- Problem to solve
Could you return each entry below exactly as written, minus any pictures?

________

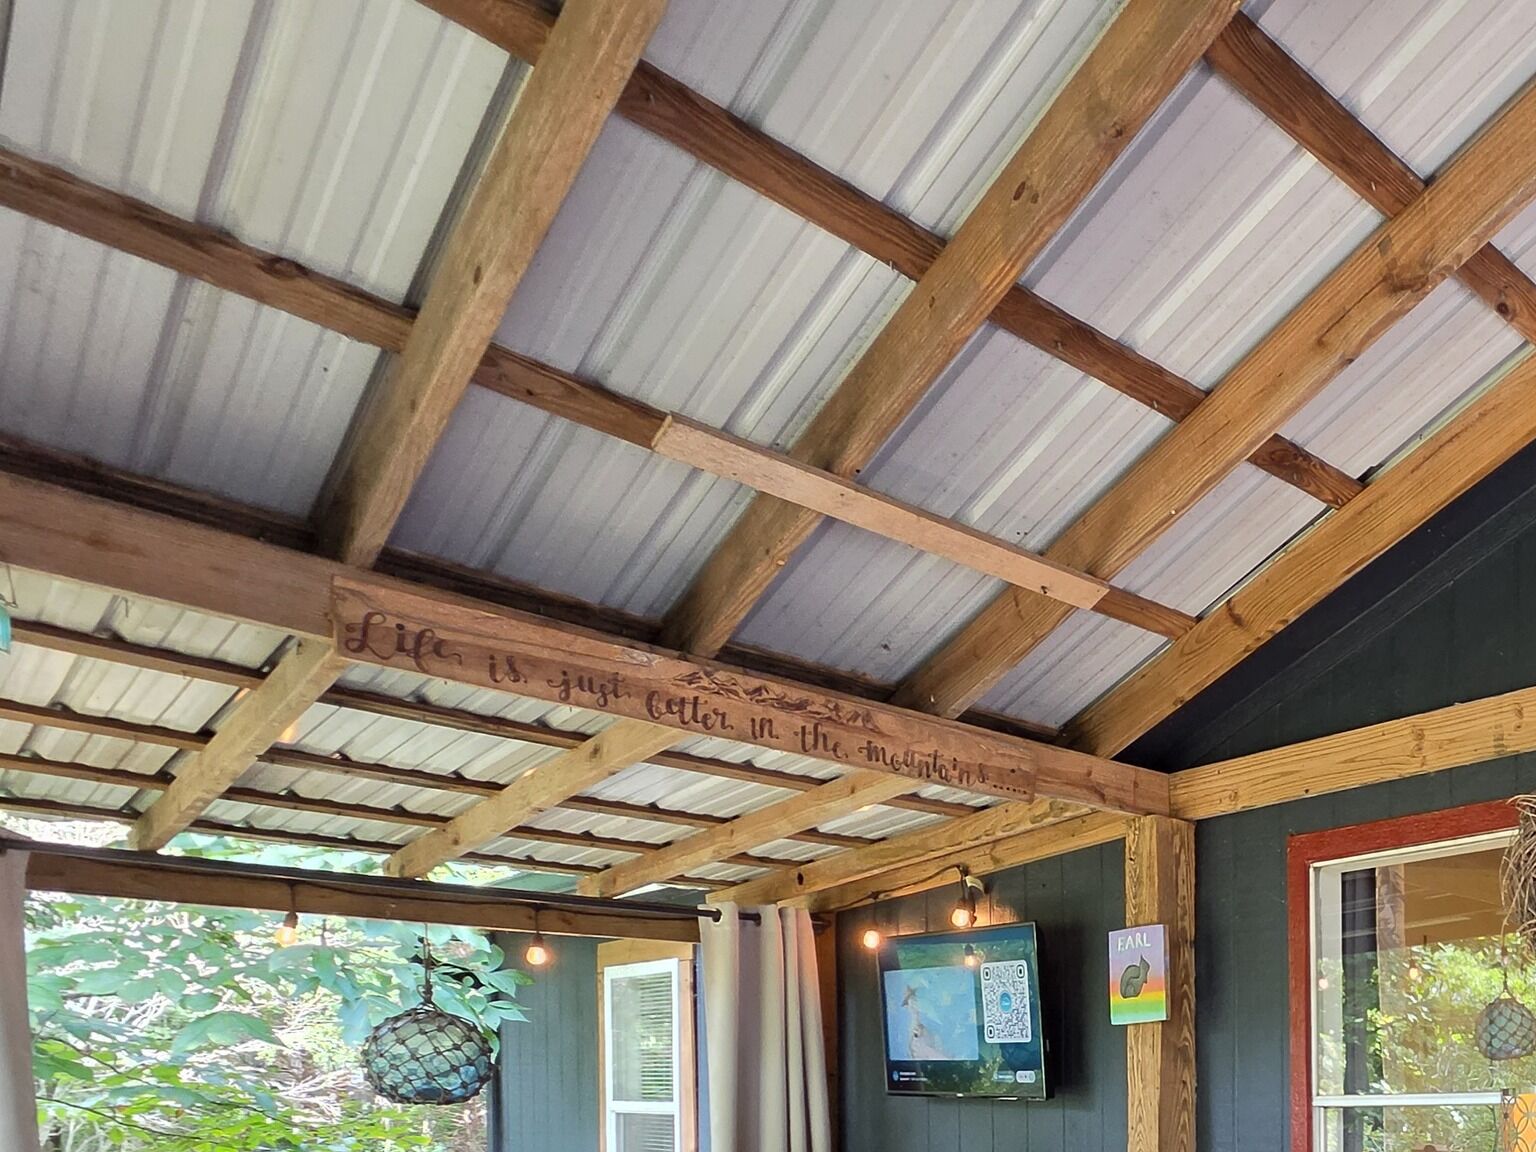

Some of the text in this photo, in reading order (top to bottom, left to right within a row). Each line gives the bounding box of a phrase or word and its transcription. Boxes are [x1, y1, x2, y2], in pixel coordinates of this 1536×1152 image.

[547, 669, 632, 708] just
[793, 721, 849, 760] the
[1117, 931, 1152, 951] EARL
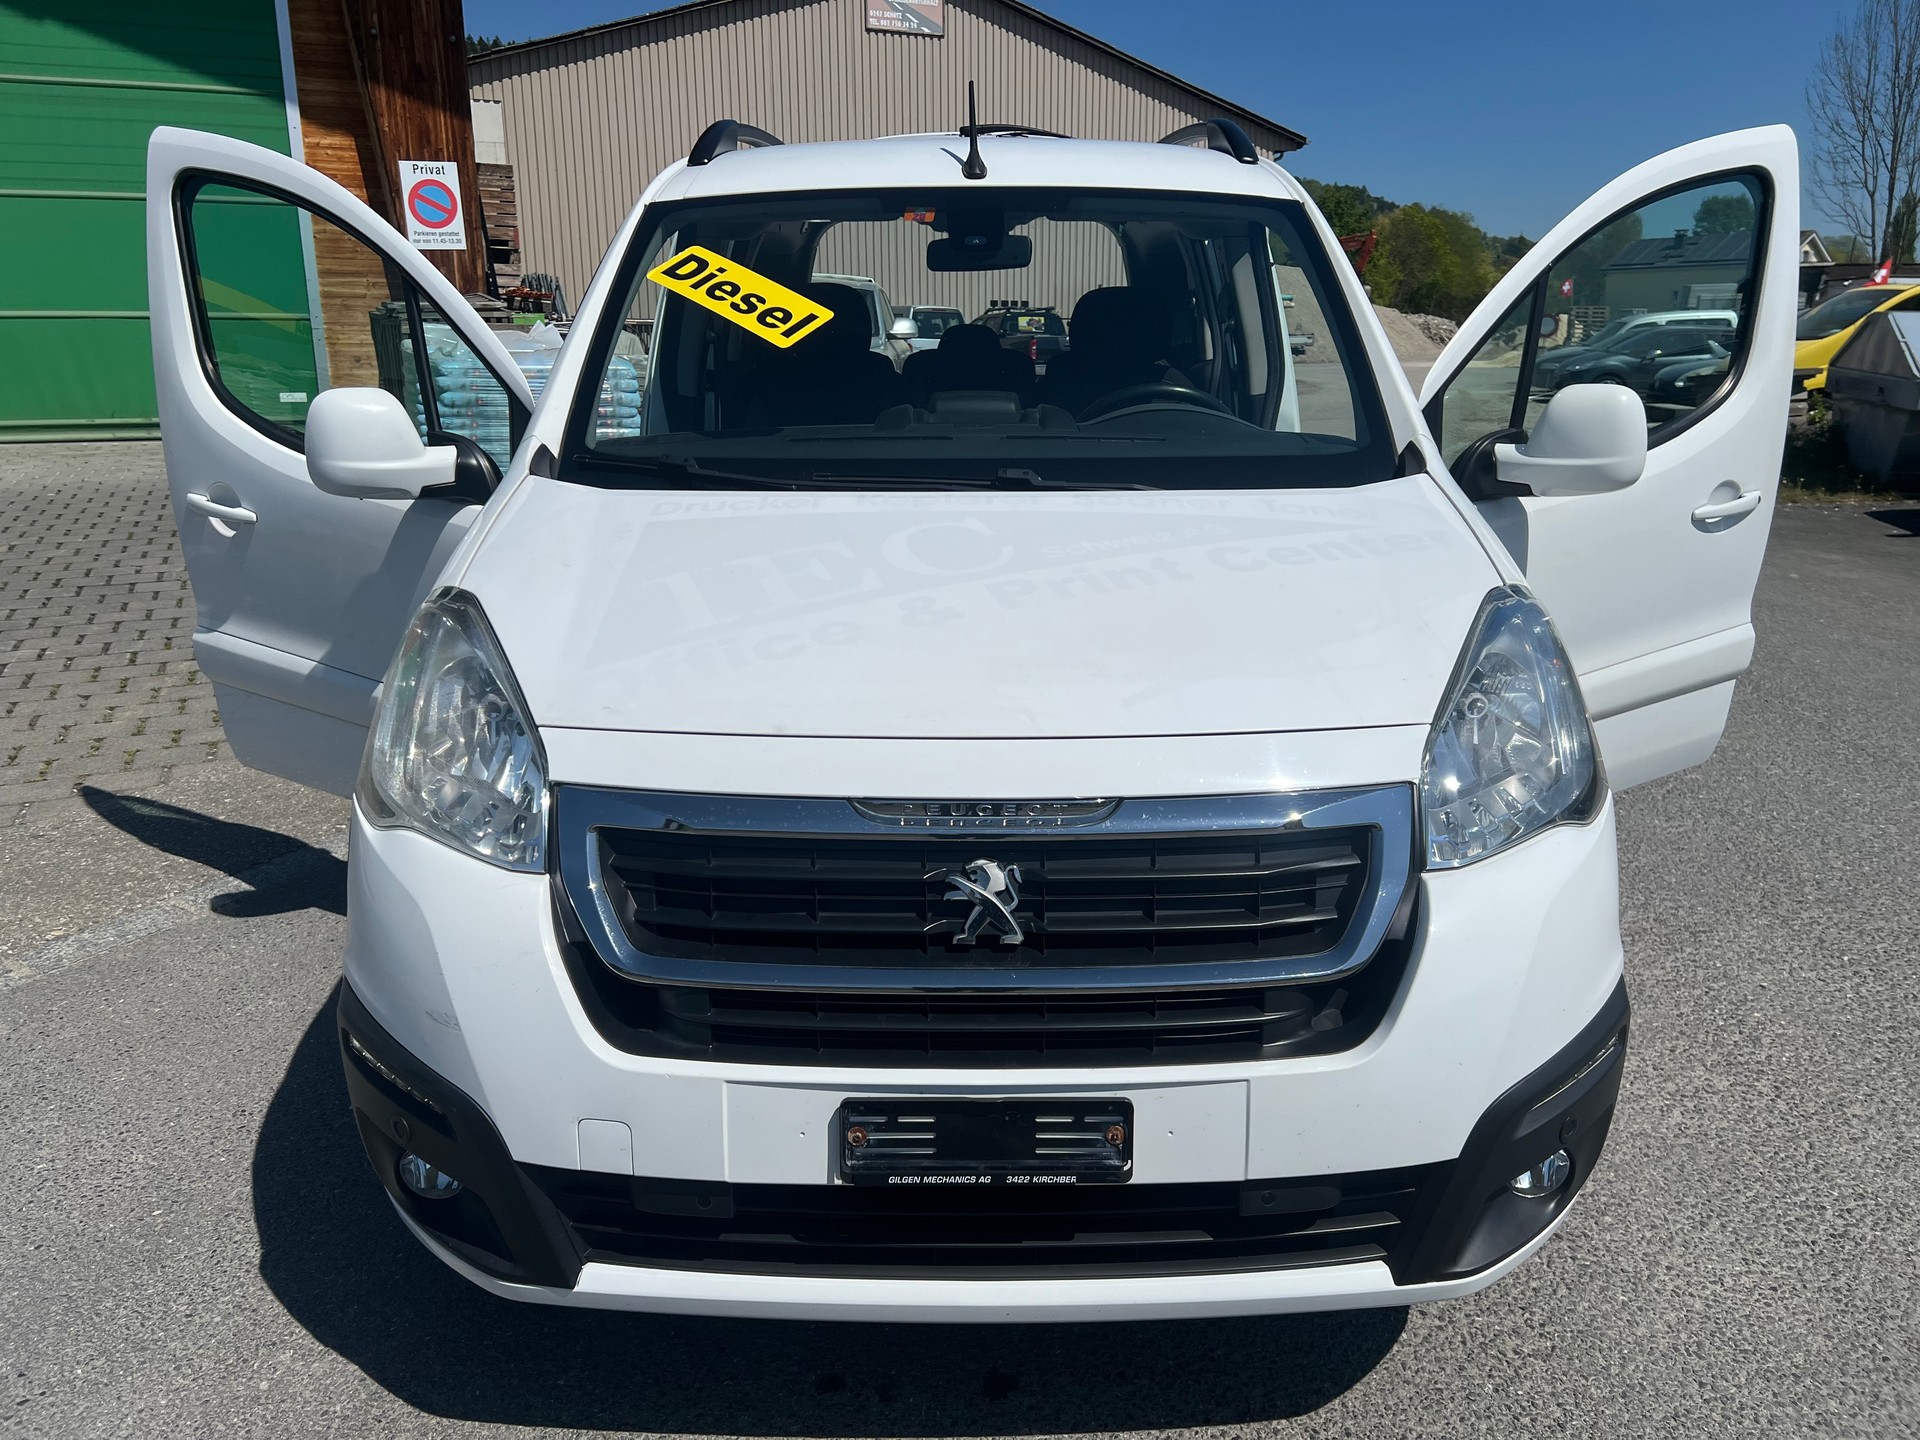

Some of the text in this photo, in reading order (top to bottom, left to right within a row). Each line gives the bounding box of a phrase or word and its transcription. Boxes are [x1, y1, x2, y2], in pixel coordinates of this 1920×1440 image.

________

- Task result
Some of the text in this photo, in reading order (top to bottom, left to right within a row). Each line gives the bounding box of a phrase or word and its transcription. Boxes are [x1, y1, x2, y2], in pixel coordinates of this 1536×1152 image.

[547, 669, 632, 708] just
[793, 721, 849, 760] the
[1117, 931, 1152, 951] EARL

Some of the text in this photo, in reading order (top to bottom, left to right within a row). Each line gives the bounding box of a phrase or word and its transcription. Boxes are [x1, y1, x2, y2], in pixel coordinates of this 1920×1440 image.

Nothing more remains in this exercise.